In [None]:
import os
import re
import requests
from pathlib import Path
from typing import List, Tuple


def find_markdown_files(directory: Path) -> List[Path]:
    """
    Recursively find all Markdown files in the given directory.

    Args:
        directory (Path): The directory to search.

    Returns:
        List[Path]: A list of paths to Markdown files.
    """
    return list(directory.rglob("*.md"))


def extract_image_urls(markdown_content: str) -> List[str]:
    """
    Extract all image URLs ending with .jpg from the Markdown content.

    Args:
        markdown_content (str): The content of a Markdown file.

    Returns:
        List[str]: A list of image URLs.
    """
    return re.findall(r'!\[.*?\]\((https?://.*?\.(?:jpg|png))\)', markdown_content)

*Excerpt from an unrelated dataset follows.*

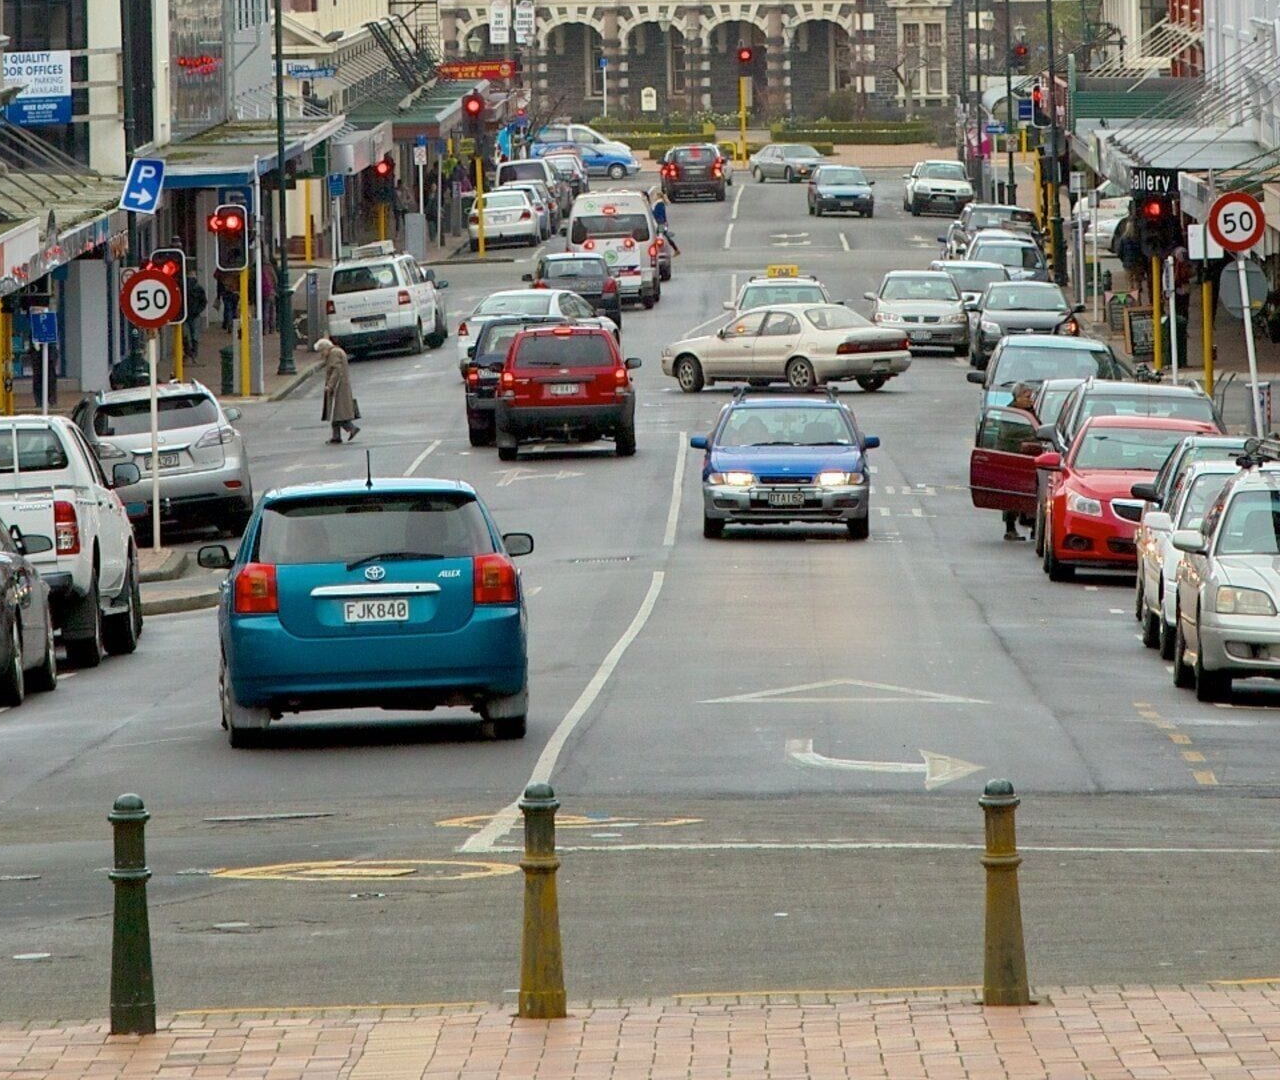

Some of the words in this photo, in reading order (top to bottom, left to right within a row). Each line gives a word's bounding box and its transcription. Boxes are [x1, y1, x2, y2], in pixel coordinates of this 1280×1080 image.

def download_image(url: str, destination: Path) -> None:
    """
    Download an image from a URL and save it to the destination.

    Args:
        url (str): The URL of the image.
        destination (Path): The path to save the image.
    """
    try:
        response = requests.get(url, stream=True, timeout=10)
        response.raise_for_status()
        with open(destination, "wb") as file:
            for chunk in response.iter_content(chunk_size=8192):
                file.write(chunk)
    except Exception as e:
        log_file = Path("error_log.txt")
        with log_file.open("a", encoding="utf-8") as log:
            log.write(f"Failed to download {url}: {e}\n")
        print(f"Error downloading {url}. Logged to {log_file}.")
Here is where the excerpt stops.